Pompeo tells Kim to follow Vietnam

Stop nukes, nation prospers, he says

U.S. Secretary of State Mike Pompeo, center, Japan's Foreign Minister Taro Kono, left, and South Korea's Foreign Minister Kang Kyung-wha arrive their talk at the Iikura Guest House in Tokyo, Japan, Sunday, July 8, 2018. Pompeo is on a trip traveling to North Korea, Japan, Vietnam, Abu Dhabi, and Brussels. (David Mareuil/Pool Photo via AP)
U.S. Secretary of State Mike Pompeo, center, Japan's Foreign Minister Taro Kono, left, and South Korea's Foreign Minister Kang Kyung-wha arrive their talk at the Iikura Guest House in Tokyo, Japan, Sunday, July 8, 2018. Pompeo is on a trip traveling to North Korea, Japan, Vietnam, Abu Dhabi, and Brussels. (David Mareuil/Pool Photo via AP)

HANOI, Vietnam -- Secretary of State Mike Pompeo shot back at North Korean officials for characterizing U.S. diplomatic behavior as gangster-like, saying Sunday that if that were true, then "the world is a gangster."

"There was a unanimous decision at the U.N. Security Council about what needs to be achieved," Pompeo added. "The enforcement of those sanctions will continue until denuclearization is complete."

Pompeo made the comments from Tokyo, where he met with the foreign ministers of Japan and South Korea after two days of negotiations with a top aide to North Korean leader Kim Jong Un in Pyongyang. He later traveled to Vietnam to meet with members of the U.S.-Vietnamese business community in Hanoi.

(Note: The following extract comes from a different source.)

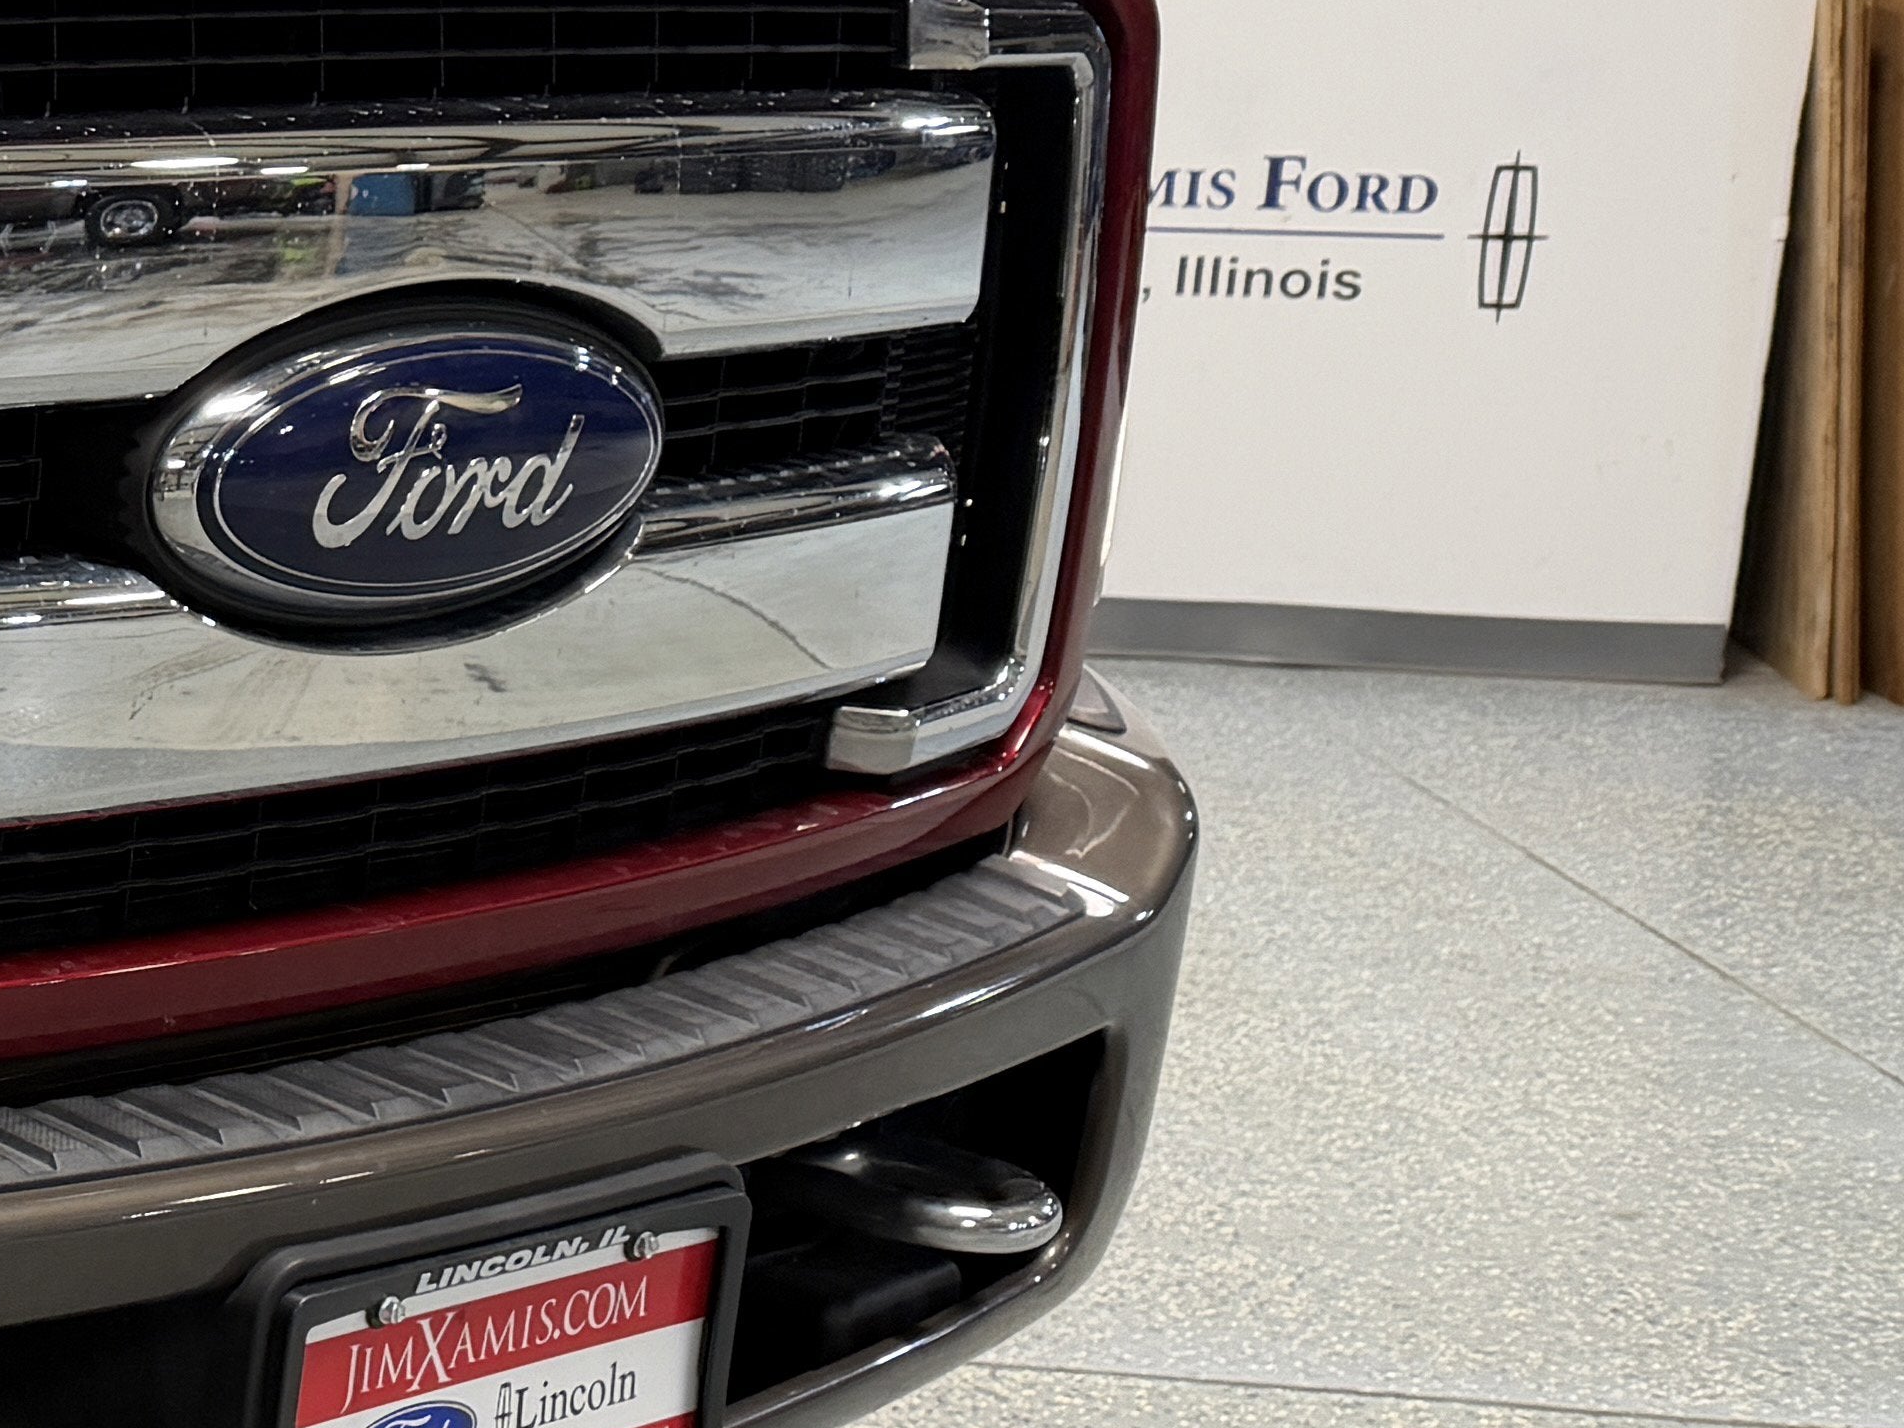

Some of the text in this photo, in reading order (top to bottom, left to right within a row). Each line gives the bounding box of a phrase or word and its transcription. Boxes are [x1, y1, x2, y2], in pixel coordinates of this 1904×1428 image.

[1256, 154, 1439, 215] FORD
[1175, 255, 1363, 300] Illinois
[312, 383, 586, 549] Ford
[415, 1225, 631, 1294] LINCOLN, IL

Pompeo had ended his third visit to North Korea on Saturday after two days of meetings that he had called "productive" and conducted in good faith. Hours later, North Korea's Foreign Ministry accused President Donald Trump's administration of pushing a "unilateral and gangster-like demand for denuclearization."

"People are going to make certain comments after meetings," Pompeo said, blaming the media for the stark differences in how he assessed the talks compared with how North Korea's Foreign Ministry viewed them. "If I paid attention to the press, I'd go nuts, and I refuse to do that."

The secretary of state said North Korean officials "did not push back" when they discussed what he called complete, verifiable and irreversible denuclearization.

"I know actually what precisely took place," Pompeo said.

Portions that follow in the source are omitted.